20 October 2010

real life.

The basics of what I've learned about International Development over the past 5 years in the words of Nicholas Kristof:

"it’s complicated."
"a noble experiment"
"entrepreneurs fail sometimes"
"good intentions and hard work aren’t enough"
"Helping people is hard."
"it will be only an incremental improvement. In the real world, that’s usually how progress arrives (with screams of vexation along the way)."

sometimes, that's kind of discouraging.

on the other hand...

Kristof also tells us that these aren't such bad things. I'm inspired by his article, "D.I.Y. Foreign Aid Revolution" and the incredible entrepreneurs he describes. Proof that all of us can play a role in development and have an influence for change in the world.

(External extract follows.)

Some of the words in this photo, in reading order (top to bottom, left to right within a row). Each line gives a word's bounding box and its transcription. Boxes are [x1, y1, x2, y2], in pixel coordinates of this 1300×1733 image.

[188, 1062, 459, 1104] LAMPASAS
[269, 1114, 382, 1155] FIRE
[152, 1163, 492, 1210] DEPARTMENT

yes, the difference that one person makes is often small--"a drop in the bucket"--but each drop counts (for proof of this concept, visit the TippingBucket). not all of us will become leaders of international organizations or spend out lives building and living in orphanages or creating innovative ways to tackle the unspoken barriers women face in participating fully in society or regularly raising thousands of dollars for the most vulnerable populations in the world. some of us may not even be able to travel abroad. but we are all capable of doing something. and we are all capable of doing more than we are.

Please read Kristof's article.
Then read his blog.
Then take a cue from this inspiring family.
(and so many other sources. . . new suggestions are always welcome, by the way!)

Then see where this all takes you. What changes can you make in your daily life that will help you consume fewer precious resources? How can you adjust your spending so you avoid purchasing conflict materials or products that support unjust practices? How can you contribute (monetarily or otherwise) to causes that are truly important to you? How do you decide what those causes are? WHERE DO YOU FIT IN?

These are questions that I am trying to ask myself. Everyday. For me they're hard questions. Some of them might take me years to fully answer. Maybe even a lifetime.

But this much I know:
The world needs change--at home and abroad.
And it's up to us to make that happen.

Welcome to reality.
I hope you're ready to get on board...
the world needs you.

and i mean that.

battle royal

last night i found myself kneeling on the kitchen counter, screaming at the top of my lungs, while one of my roommates, who had jumped up on the opposite counter, was holding a blanket as a shield and another stood armed with a cardboard box in front of the refrigerator.

that's when the hilarity of the moment struck.

our house has been living in fear of a tiny, brown, furry, scurrying creature for the past two weeks or so. from the first spotting of the mouse, our house has been in disarray, with the occasional sighting sending the house into an uproar--when I saw the mouse in my room, i tore it apart trying to eliminate any possibility of a hiding place; my roommates and friends spotted the rodent and destroyed two rooms trying unsuccessfully to trap it; and after last night, my roommate made up an extra bed in my room, concerned for her safety alone with this vermin roving the house.

we've been "going to get" mouse traps since day one. it hasn't happened yet.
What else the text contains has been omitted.